Should You Always Wear a Bum Pad for 18th Century Dress?

The split bum, perfect for 1776 – 1790s, worn with polonaise and Italian gowns. This is particularly effective for gowns with the skirts pulled up. From the American Duchess Guide. 

Ah, bum pads…nothing like wearing a pillow around your waist to make your derriere look bigger! But should you *always* wear one if you’re in 18th century dress?

Generally, we try to veer away from saying “always” and “never” when it comes to historical costuming. Every character, impression, event, dress, costumer has different needs and different intentions.

The Bum Shop – 1785 – The British Museum

When considering your artificial rump enhancements, here are some things to think about:

Do you care?

I’m starting with this one because everyone has their own purpose and intention with putting on a historical costume. It’s OK to wear whatever you want in whatever way you want to and have fun doing it. Some costumers are in pursuit of historical accuracy in portrayal, some in construction, and some are in pursuit of dressing up and having fun. All pursuits are valid. If you don’t want to wear a split rump, pocket hoops, or a bum pad, it’s totally your choice.

What decade or year(s) are you playing in?

If you’re definitely into the hip and rump bolstering it’s important to choose the right style for the specific time you’re portraying. Prior to the 1770s, pocket hoops, panniers, and round hoops (for English gowns) were fashionable. The emphasis was on the hips. A set of kidney-shaped pads on each hip will do the job, or explore pocket hoops of various sizes, especially for Robes a la Francaise. (We have a very easy pattern on page 75 in the AD Guide).

A late 1760s sacque gown with pocket hoops – not TOO big, not TOO small.

In the 1770s, a rounder and softer silhouette comes into fashion. Hip enhancements fall out of fashion and the fullness moves to the back. If you’re hanging out in the mid-1770s and pulling your Italian gown skirts up or wearing a polonaise, the split bum is the thing (pg 130, AD Guide), but rounder pillows on the rear also work very well for sack-back jackets and garments without deep, boned points in the back.

In the 1780s and early 1790s, the silhouette becomes full and round with a graceful, fluffy line over the hips and descending into the skirt. A large bum pillow like the one in Simplicity 8162 is great for these years.

The very large bum pad from Simplicity 8162 works wonders for 1780s and early 1790s. You can also use this to bolster round silhouettes for earlier decades too.

What style of garment are you wearing?

I mention this a bit above, but it’s a good idea to consider to style of gown or jacket you’re wearing when deciding what padding you may need. If you’re wearing a Robe a la Francaise of almost any decade, you’ll want some kind of hip padding.
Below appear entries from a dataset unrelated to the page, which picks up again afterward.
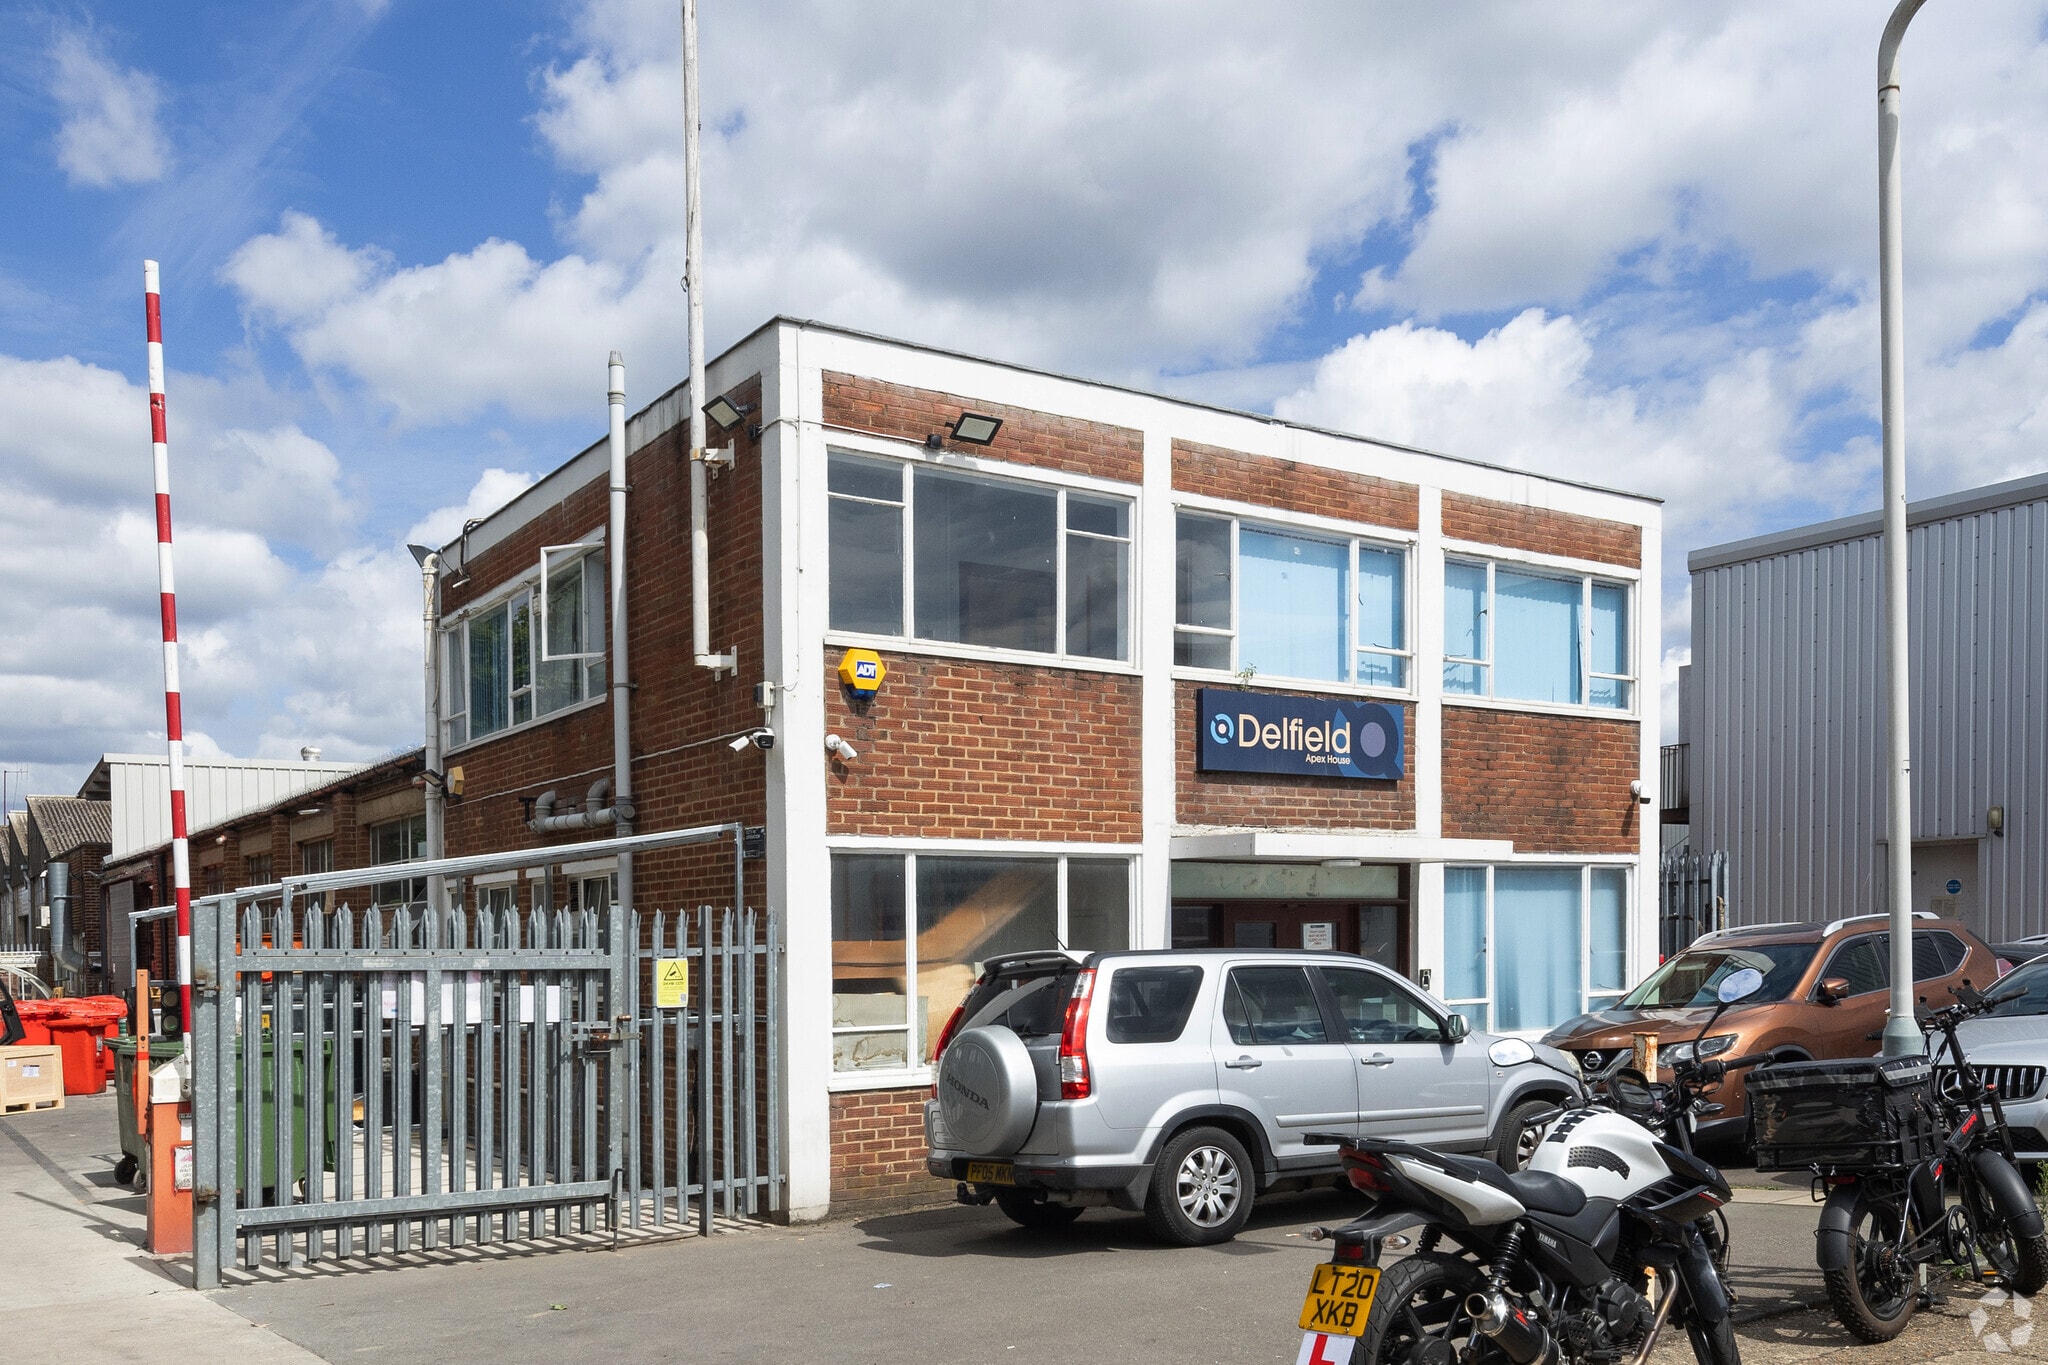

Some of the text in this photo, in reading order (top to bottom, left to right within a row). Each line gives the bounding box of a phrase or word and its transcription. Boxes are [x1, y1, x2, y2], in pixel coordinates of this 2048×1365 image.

[857, 664, 876, 677] ADT
[1238, 713, 1351, 754] Delfield
[1305, 753, 1351, 765] Apex House
[946, 1072, 990, 1110] HONDA
[971, 1164, 994, 1180] PF05
[1312, 1269, 1375, 1299] LT20
[1310, 1298, 1359, 1328] XKB
[1308, 1333, 1335, 1365] L
If it’s an early 18th century Francaise, it’ll be a pretty wide hoop/pannier; if it’s a late 18th century Francaise, the hip padding will still be there, but greatly minimized compared to before.
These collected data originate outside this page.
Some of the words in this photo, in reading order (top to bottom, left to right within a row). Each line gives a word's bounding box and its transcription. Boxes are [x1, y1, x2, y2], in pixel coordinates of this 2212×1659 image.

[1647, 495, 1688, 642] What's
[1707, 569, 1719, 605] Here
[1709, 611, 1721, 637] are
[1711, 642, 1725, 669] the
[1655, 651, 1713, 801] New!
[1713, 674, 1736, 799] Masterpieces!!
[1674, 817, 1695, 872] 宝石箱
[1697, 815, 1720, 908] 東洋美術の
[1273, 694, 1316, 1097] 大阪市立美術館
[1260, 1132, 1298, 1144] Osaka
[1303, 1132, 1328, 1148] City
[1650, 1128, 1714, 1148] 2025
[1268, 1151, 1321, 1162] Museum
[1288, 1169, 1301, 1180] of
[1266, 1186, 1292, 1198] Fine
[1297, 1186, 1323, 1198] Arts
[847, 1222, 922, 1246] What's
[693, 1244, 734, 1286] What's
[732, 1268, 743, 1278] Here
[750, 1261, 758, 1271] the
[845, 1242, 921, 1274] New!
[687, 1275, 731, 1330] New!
Court gown from c. 1750 – WIDE pannier used for formal attire only. An everday sacque gown of the same year has a much smaller pannier. Consider the context. The Met, C.I.65.13.1a-c

1770s Polonaises and Italian gowns love split rumps, which allow for the deep V down the back while bolstering the gathered-up skirts.

The deep point and puffed up skirts of this Italian gown work perfectly with the split bum.
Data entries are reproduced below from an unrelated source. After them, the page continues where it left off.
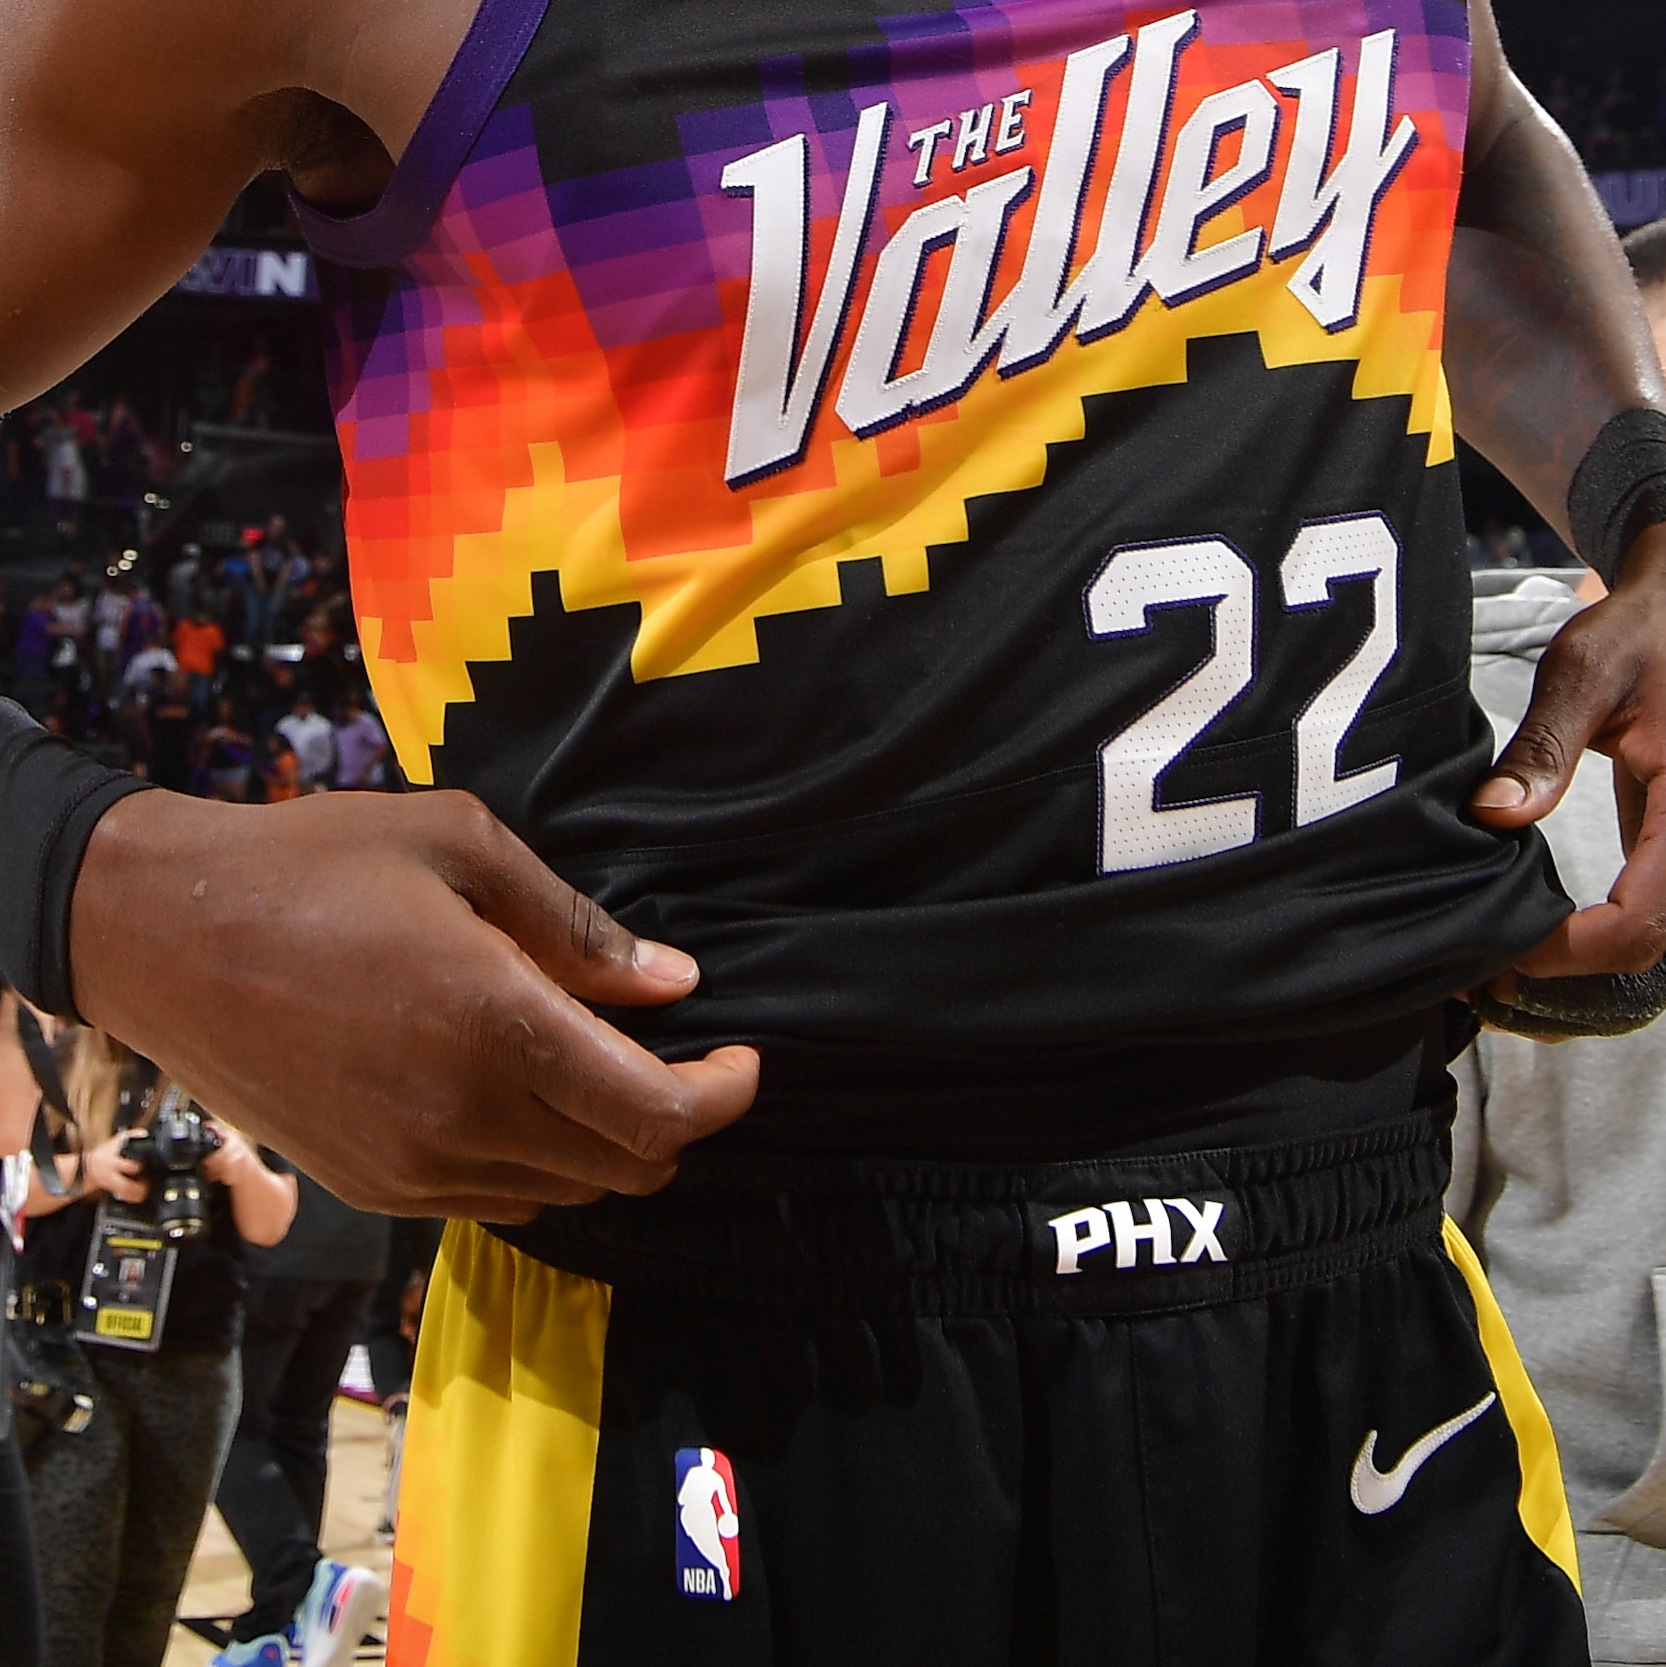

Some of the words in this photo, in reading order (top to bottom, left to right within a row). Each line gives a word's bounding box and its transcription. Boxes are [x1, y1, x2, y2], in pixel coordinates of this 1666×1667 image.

[907, 87, 1032, 186] THE
[720, 9, 1417, 494] Valley
[1082, 508, 1404, 879] 22
[1045, 1197, 1230, 1276] PHX
[683, 1567, 717, 1596] NBA
1780s Pierrot jackets, chemise gowns, and redingotes want for full, round pillows without a split in back.

It’s a good idea to consider your full undergarments before making your costume. You’ll ideally have all of these bits and pieces prior to jumping in to making the dress, and you’ll definitely want to wear them when you fit your gown or jacket.

What social class are you portraying?

Ladies of fashion in any decade followed the trends, but working women didn’t. If you’re portraying a lower-class individual, skip the bum pillow. There are many depictions of working class women in unfashionably slim-looking petticoats, but you can also wear a simple quilted petticoat, which were common and functional for women of all classes.

The 1740s working womna’s ensemble – no extra hip or bum support was worn with this, just an underpetticoat, petticoat, and the gown. From the AD Guide.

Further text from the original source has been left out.